Chateau de Montsoreau
Back on the road and heading for Azay le Rideau the satnav failed to tell me that I needed to branch off 1.5km before the actual turning so I ended up crossing the loire in both directions which was a reasonable compensation and then I followed the road along the northern bank until Saumur, where I fuelled up at 100mile plus again. Need to get a bit more disciplined about this or I will end up running out. France is not a fuel station rich as Spain that is for sure.

Made a stop at the Chateau de Montsoreau which was apparently the title of a novel by Dumas. THe view from the roof was nice apart from the 'steam' from the Chinon nuclear power station just down the road.

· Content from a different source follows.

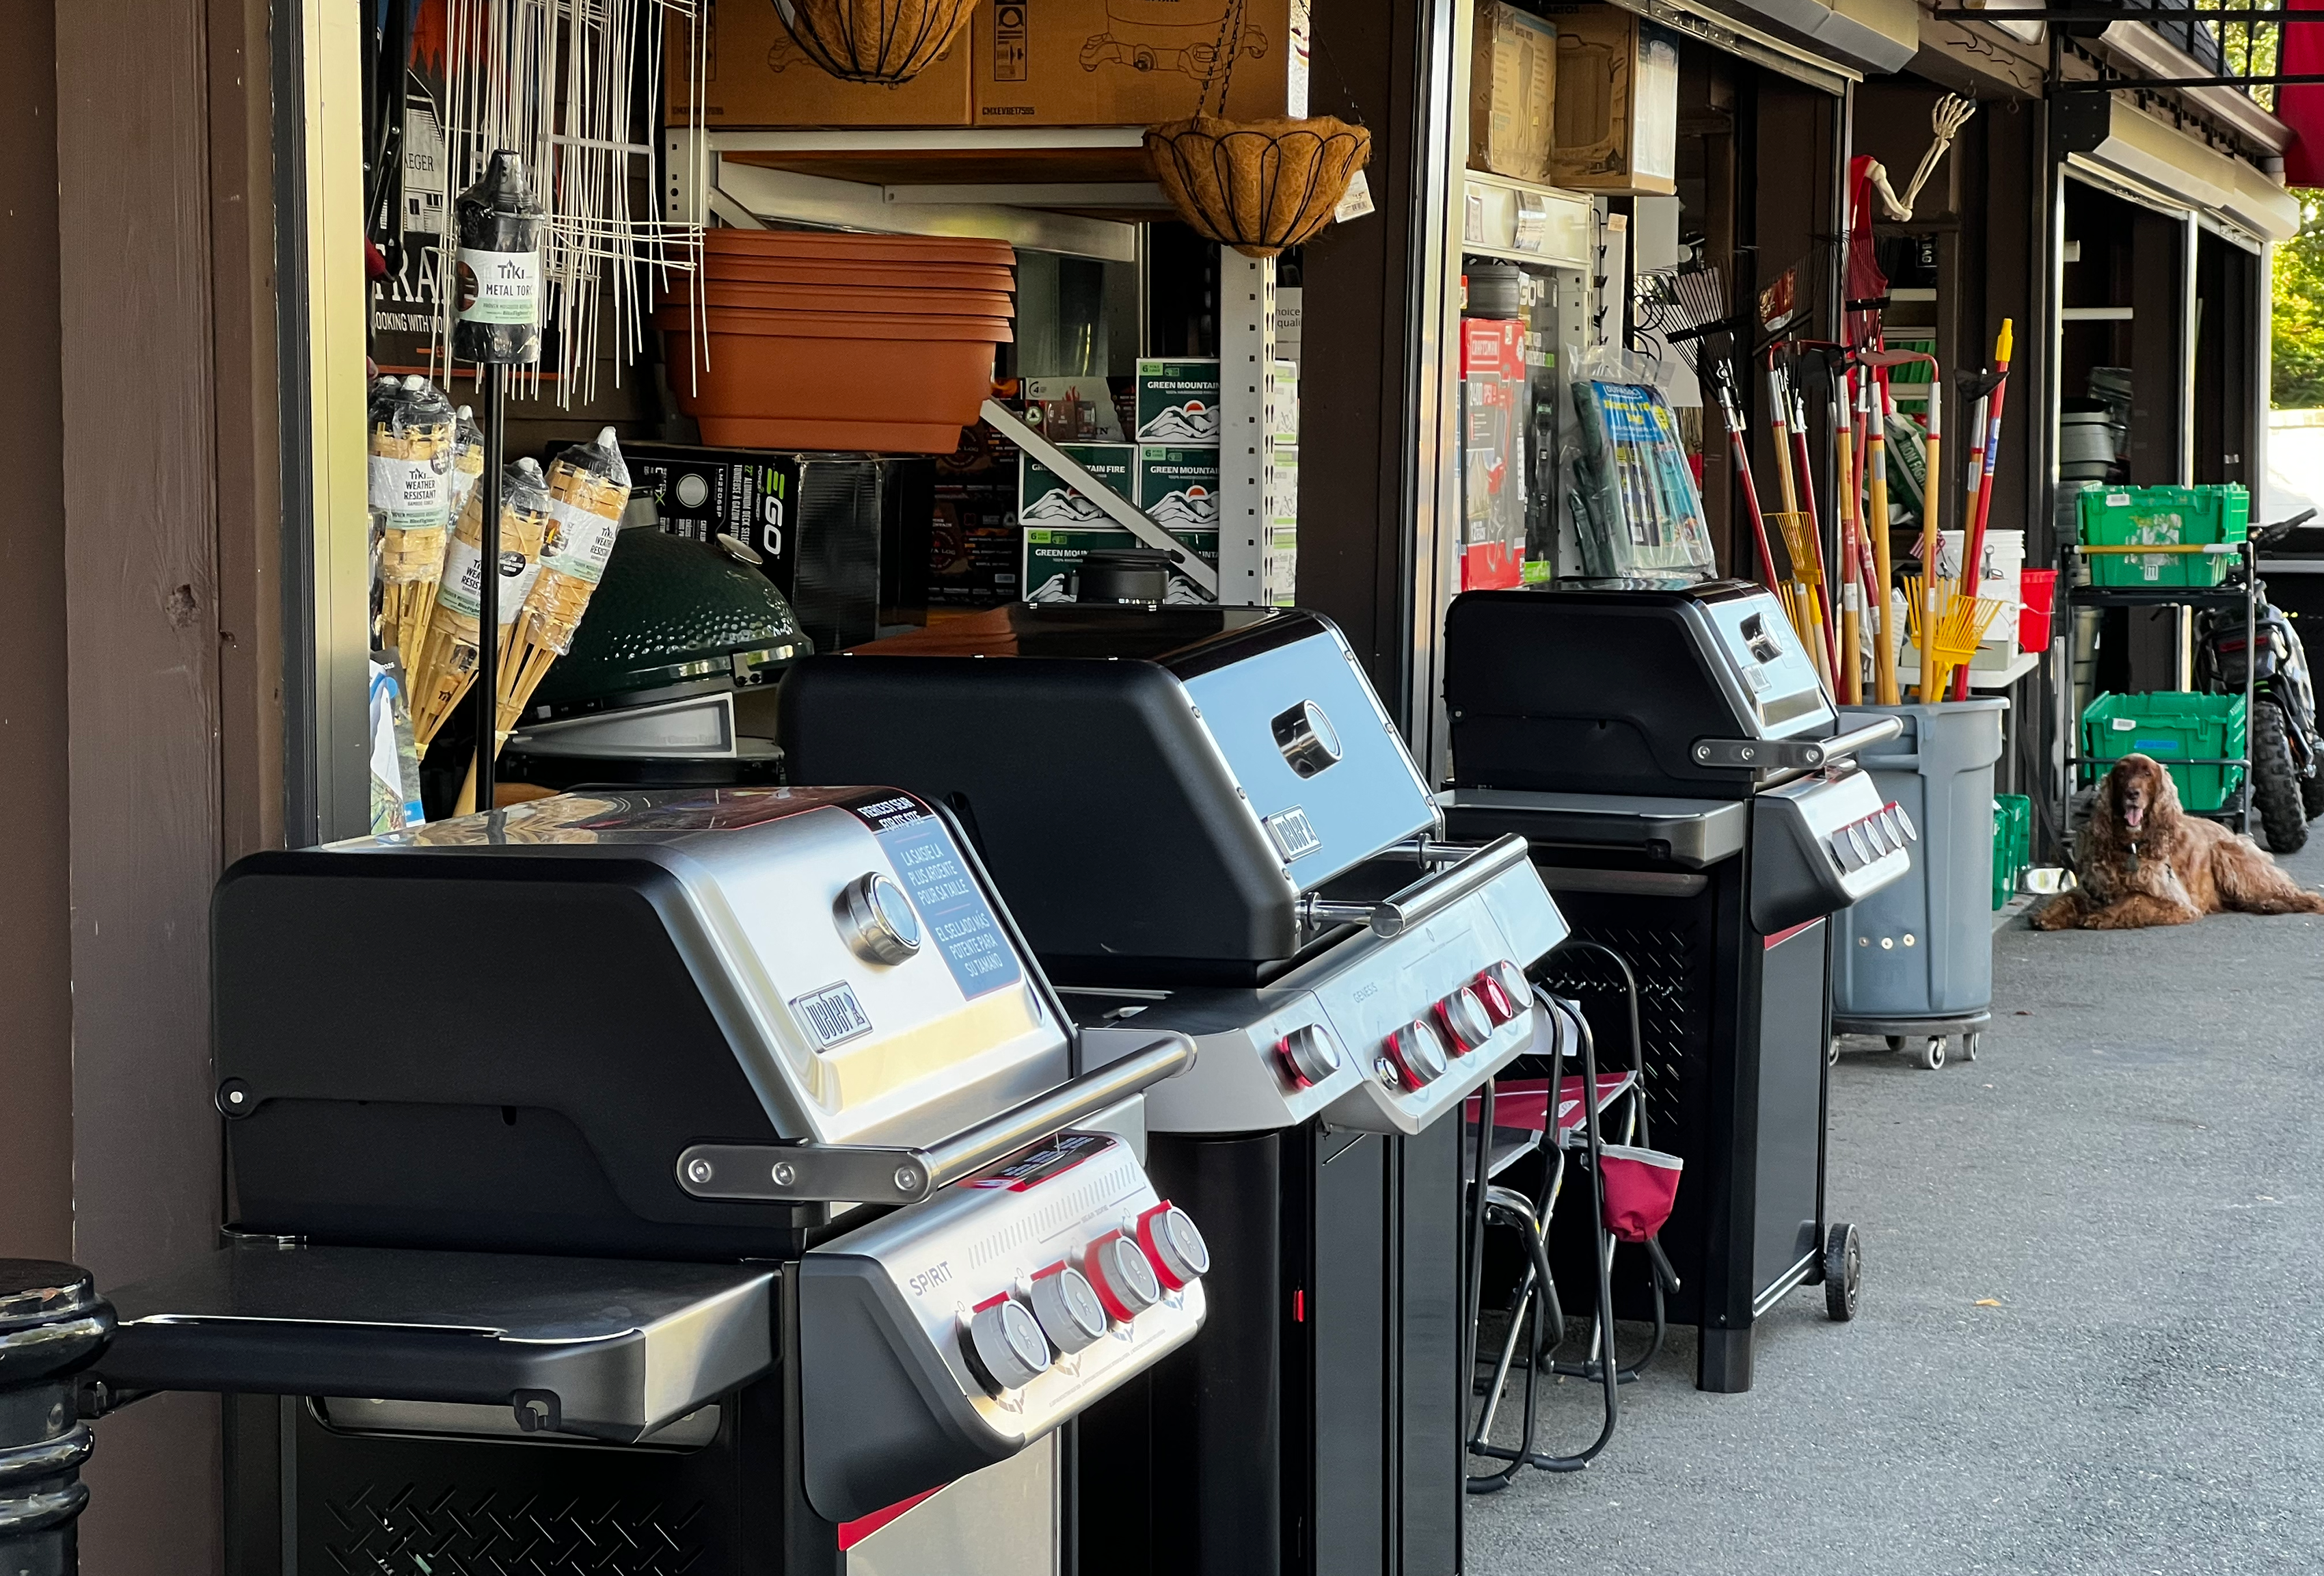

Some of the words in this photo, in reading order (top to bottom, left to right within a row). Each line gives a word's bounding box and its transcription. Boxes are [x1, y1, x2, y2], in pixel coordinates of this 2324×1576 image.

Finally made Azay at about half seven and found a campsite just on the outskirts of town. No one in reception but it said just take a pitch so I did. Had a chat with an English bloke walking his dogs who had been here for two weeks and got his advice about the best chateau (Blois, Angers and Chambord). After putting the tent up I wandered into town. Now I need to decide whether to stay here for another night or move on tomorrow. Weather is improving apparently! Needs to be less bloody humid that is for sure (and less mozzy laden would help too!!) Oh well.

Day 3 - 27/6/2013

End Location - Camping le Sabot, Azay le Rideau, France

Mileage (Day / Total)- 84/415 miles

Chateau at Azay-le-Rideau
Woke at about 4am with a horrible suspicion that I had left my mains adaptors at home. I remembered the adaptor being on the bedside cabinet at Karens. And remembered thinking thatI must remember to pick it up! It was stopping me sleeping so I actually got out of the tent with the headtorch and checked my luggage. Nothing doing. What a prat! of all the things that I could have forgotten! Eventually I drifted off to sleep and once I had awoken and showered I realised that I ought to go and look for one. They must be available somewhere.

Swiftly down to the Chateau here in town on foot for first opening at 9:30. What's going on? This isn't like me!  Anyway, weather was a little overcast and the chateau was picturesque but not earth shattering compared to my expectations.  I wandered round the gardens waiting for the chateau interior to open and discovered the source of the godawfulnoise that helped keep me awake last night. Bloody frogs in the moat! What a racket, bearing in mind the campsite is at least 250m from the Chateau.  Inside was a fairly sparse display of historical objects with each floor decorated as the chateau would have looked at a different time period. Anyway, it was reasonably priced so no worries.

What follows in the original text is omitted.